In the 1920s a Soldiers Settlement was created to settle World War 1 veterans as sheep farmers, under the Discharged Soldiers Settlement Act 1915, Soldiers Settlement Road being built in 1926.

==Demographics==
Rissington and its surrounds cover 87.96 km2. It is part of the Puketitiri-Tutira statistical area.

Rissington had a population of 198 in the 2023 New Zealand census, an increase of 3 people (1.5%) since the 2018 census, and an increase of 18 people (10.0%) since the 2013 census. There were 108 males, 90 females, and 3 people of other genders in 66 dwellings. 1.5% of people identified as LGBTIQ+. The median age was 44.2 years (compared with 38.1 years nationally). There were 33 people (16.7%) aged under 15 years, 33 (16.7%) aged 15 to 29, 99 (50.0%) aged 30 to 64, and 30 (15.2%) aged 65 or older.

People could identify as more than one ethnicity. The results were 92.4% European (Pākehā), 15.2% Māori, and 6.1% other, which includes people giving their ethnicity as "New Zealander". English was spoken by 98.5%, Māori by 1.5%, and other languages by 1.5%. No language could be spoken by 1.5% (e.g. too young to talk). The percentage of people born overseas was 9.1, compared with 28.8% nationally.

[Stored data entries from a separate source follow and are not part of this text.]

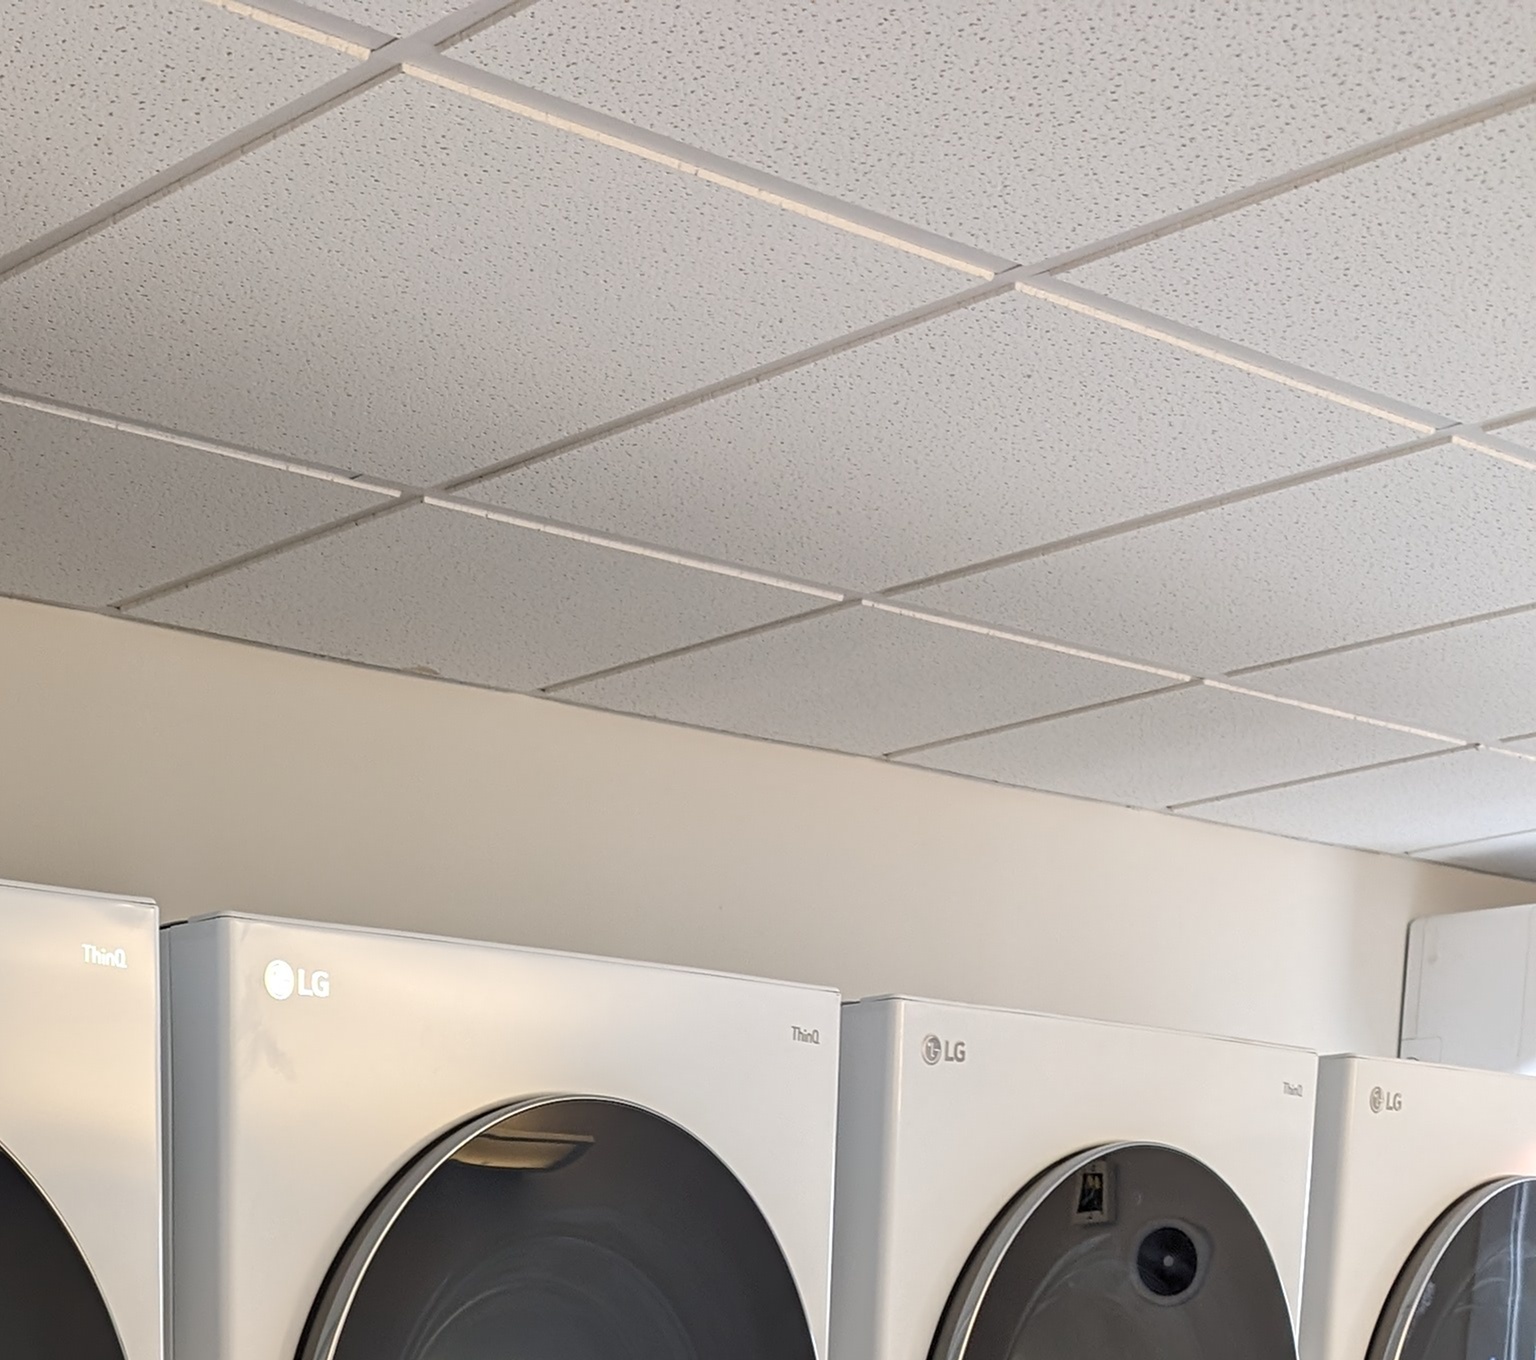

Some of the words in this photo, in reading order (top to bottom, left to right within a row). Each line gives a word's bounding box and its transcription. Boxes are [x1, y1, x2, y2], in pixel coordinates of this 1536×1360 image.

[81, 943, 128, 968] ThinQ
[297, 968, 330, 998] LG
[791, 1026, 821, 1045] ThinQ
[944, 1041, 966, 1062] LG
[1385, 1092, 1402, 1111] LG

Religious affiliations were 36.4% Christian, and 3.0% Māori religious beliefs. People who answered that they had no religion were 50.0%, and 7.6% of people did not answer the census question.

Of those at least 15 years old, 24 (14.5%) people had a bachelor's or higher degree, 108 (65.5%) had a post-high school certificate or diploma, and 33 (20.0%) people exclusively held high school qualifications. The median income was $33,600, compared with $41,500 nationally. 12 people (7.3%) earned over $100,000 compared to 12.1% nationally. The employment status of those at least 15 was 81 (49.1%) full-time, 30 (18.2%) part-time, and 6 (3.6%) unemployed.

== Transport ==
A cartage service began in 1884. In 1885 a bridge over the Mangaone was built by James Sellar to replace a ford. By 1886 the Rissington-Pakowhai road was being gravelled, in 1887 the Taradale-Rissington-Patoka road was built and by 1890 the whole Rissington-Napier road had been gravelled. A coach service from Napier began in 1888. By 1893 it had been extended to Puketitiri and was still running in 1916.

The 140 ft bridge was swept away by floods in 1897 and 1924 and rebuilt in 1929. Nearby properties were flooded in 2018, but the bridge wasn't damaged. It was strengthened in 2021 to take 62-tonne trucks, up to 4.9 m high, to comply with the Vehicle Dimensions and Mass 2016 rule. The bridge was again destroyed in February 2023 due to flooding caused by Cyclone Gabrielle. It was replaced by a 43 m long Bailey bridge on 31 March 2023.